**THE TASK**:
Restate the entire listing word for word.
Top of DATA RECORDS
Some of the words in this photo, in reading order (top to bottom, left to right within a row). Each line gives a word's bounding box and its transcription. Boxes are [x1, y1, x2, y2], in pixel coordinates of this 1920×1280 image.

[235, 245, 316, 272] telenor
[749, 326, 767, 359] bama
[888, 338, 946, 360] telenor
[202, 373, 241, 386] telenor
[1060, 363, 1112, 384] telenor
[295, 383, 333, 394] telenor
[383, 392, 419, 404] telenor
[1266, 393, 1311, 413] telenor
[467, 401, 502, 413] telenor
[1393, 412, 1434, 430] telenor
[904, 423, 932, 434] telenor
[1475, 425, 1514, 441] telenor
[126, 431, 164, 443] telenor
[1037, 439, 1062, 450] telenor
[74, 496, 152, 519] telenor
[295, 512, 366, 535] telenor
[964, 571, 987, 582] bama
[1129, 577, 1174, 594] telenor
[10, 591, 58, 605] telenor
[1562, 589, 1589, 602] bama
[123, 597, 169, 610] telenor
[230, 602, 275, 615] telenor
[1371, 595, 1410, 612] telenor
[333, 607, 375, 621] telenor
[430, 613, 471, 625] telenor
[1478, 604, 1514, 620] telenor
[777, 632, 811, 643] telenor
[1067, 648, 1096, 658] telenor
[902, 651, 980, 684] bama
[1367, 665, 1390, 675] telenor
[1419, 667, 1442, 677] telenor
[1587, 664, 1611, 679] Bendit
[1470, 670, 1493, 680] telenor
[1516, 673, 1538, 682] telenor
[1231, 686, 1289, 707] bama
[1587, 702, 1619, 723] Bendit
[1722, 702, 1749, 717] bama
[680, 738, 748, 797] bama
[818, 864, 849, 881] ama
Bottom of DATA RECORDS
**ANSWER BOX**:
Some of the words in this photo, in reading order (top to bottom, left to right within a row). Each line gives a word's bounding box and its transcription. Boxes are [x1, y1, x2, y2], in pixel coordinates of this 1920×1280 image.

[235, 245, 316, 272] telenor
[749, 326, 767, 359] bama
[888, 338, 946, 360] telenor
[202, 373, 241, 386] telenor
[1060, 363, 1112, 384] telenor
[295, 383, 333, 394] telenor
[383, 392, 419, 404] telenor
[1266, 393, 1311, 413] telenor
[467, 401, 502, 413] telenor
[1393, 412, 1434, 430] telenor
[904, 423, 932, 434] telenor
[1475, 425, 1514, 441] telenor
[126, 431, 164, 443] telenor
[1037, 439, 1062, 450] telenor
[74, 496, 152, 519] telenor
[295, 512, 366, 535] telenor
[964, 571, 987, 582] bama
[1129, 577, 1174, 594] telenor
[10, 591, 58, 605] telenor
[1562, 589, 1589, 602] bama
[123, 597, 169, 610] telenor
[230, 602, 275, 615] telenor
[1371, 595, 1410, 612] telenor
[333, 607, 375, 621] telenor
[430, 613, 471, 625] telenor
[1478, 604, 1514, 620] telenor
[777, 632, 811, 643] telenor
[1067, 648, 1096, 658] telenor
[902, 651, 980, 684] bama
[1367, 665, 1390, 675] telenor
[1419, 667, 1442, 677] telenor
[1587, 664, 1611, 679] Bendit
[1470, 670, 1493, 680] telenor
[1516, 673, 1538, 682] telenor
[1231, 686, 1289, 707] bama
[1587, 702, 1619, 723] Bendit
[1722, 702, 1749, 717] bama
[680, 738, 748, 797] bama
[818, 864, 849, 881] ama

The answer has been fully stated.